Milken Family Foundation
February 04, 2011
Court métrage documentaire sur le concerto pour violoncelle de Joel Hoffman,
Self-Portrait
with Gebirtig
Comprend des entretiens avec le compositeur et soliste (son frère, Gary), ainsi
que des images de la session d’enregistrement avec le Rundfunk-Sinfonieorchester
Berlin et le chef d’orchestre Christopher Wilkins.
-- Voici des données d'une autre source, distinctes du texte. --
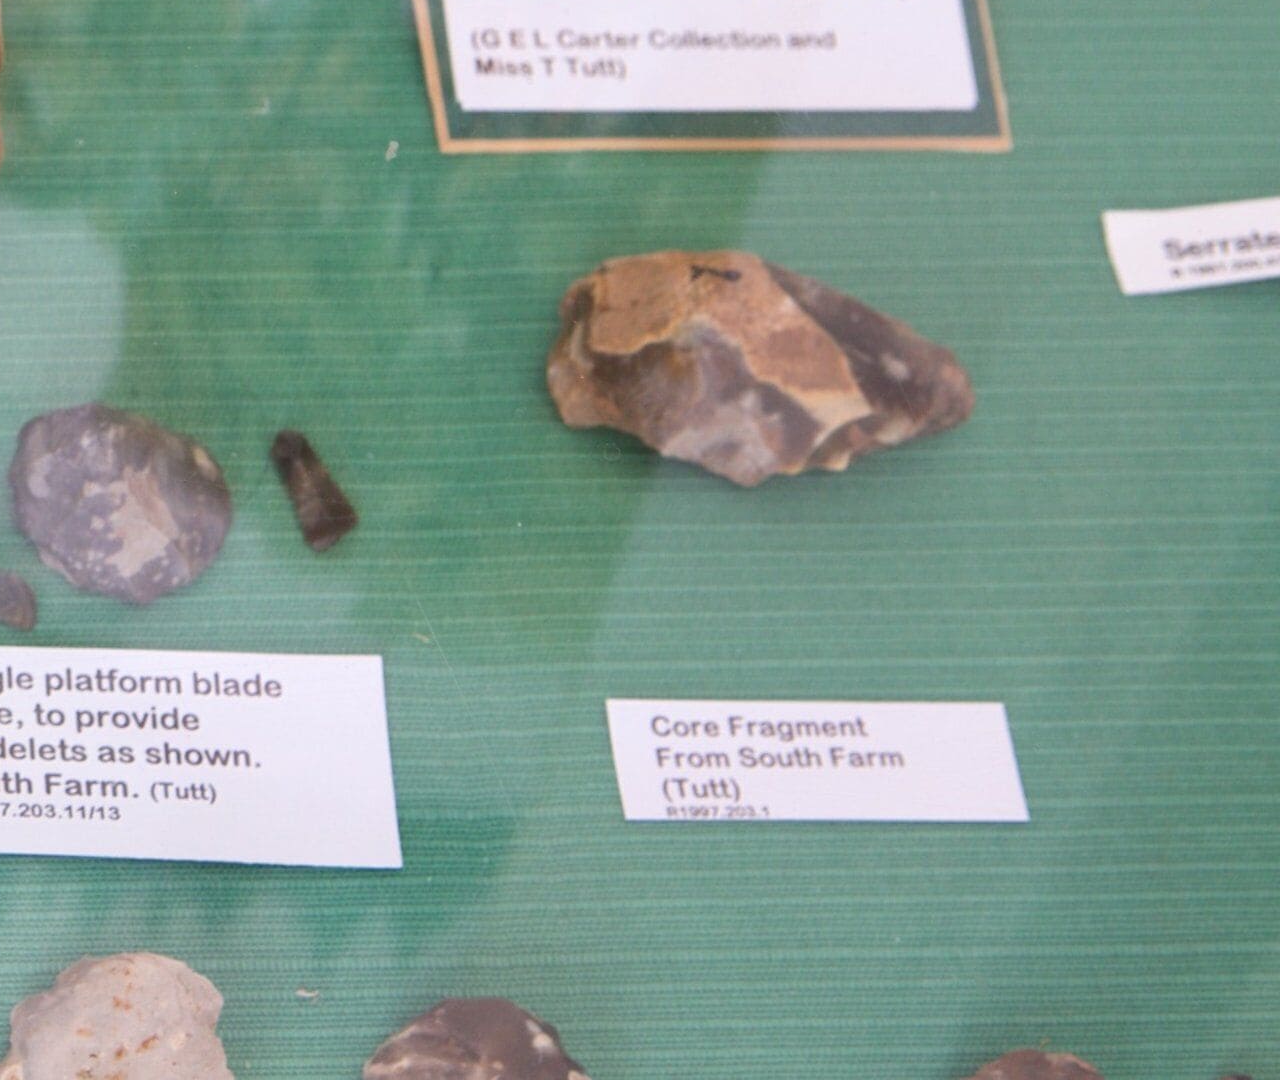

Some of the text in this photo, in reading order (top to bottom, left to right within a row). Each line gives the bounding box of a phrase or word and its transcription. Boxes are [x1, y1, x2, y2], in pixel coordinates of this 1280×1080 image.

[509, 30, 525, 49] E
[533, 30, 548, 49] L
[556, 29, 641, 50] Carter
[648, 30, 780, 50] Collection
[788, 31, 837, 50] and
[475, 58, 627, 80] Miss T Tutt)
[45, 668, 182, 696] platform
[193, 672, 282, 698] blade
[34, 704, 65, 726] to
[76, 707, 199, 733] provide
[651, 715, 868, 742] Core Fragment
[98, 746, 135, 763] as
[146, 742, 260, 767] shown.
[655, 747, 905, 768] From South Farm
[44, 773, 138, 798] Farm.
[150, 782, 216, 804] (Tutt)
[662, 778, 741, 802] (Tutt)
Narré par Theodore Bikel.

Résistance
1. Joel Hoffman : Zapyškis (Hommage à Mordechai Gebirtig : mélodie S'is
gut)
Dmitri Schostakovich : Sonate Op. 40
2. I. Moderato
3. II. Moderato con moto
4. III. Largo
5. IV. Allegretto
Galina Ustvolskaya : Grand duet
6. I.
7. II.
8. III.
9. IV.
10. V.
Anatolijus Šenderovas : Four miniatures
11. I.
12. II.
13. III.
14. IV.
« Résistance » les sentiments chargés provoqués par quatre pièces
complexes, douloureusement fortes et profondément humaines écrites par des
compositeurs du XXe siècle vivant en Union soviétique et sous le Troisième Reich
;
Il examine également les réactions et la résistance du 21e siècle à cette
musique, revisitant une œuvre sous la forme d’une nouvelle composition.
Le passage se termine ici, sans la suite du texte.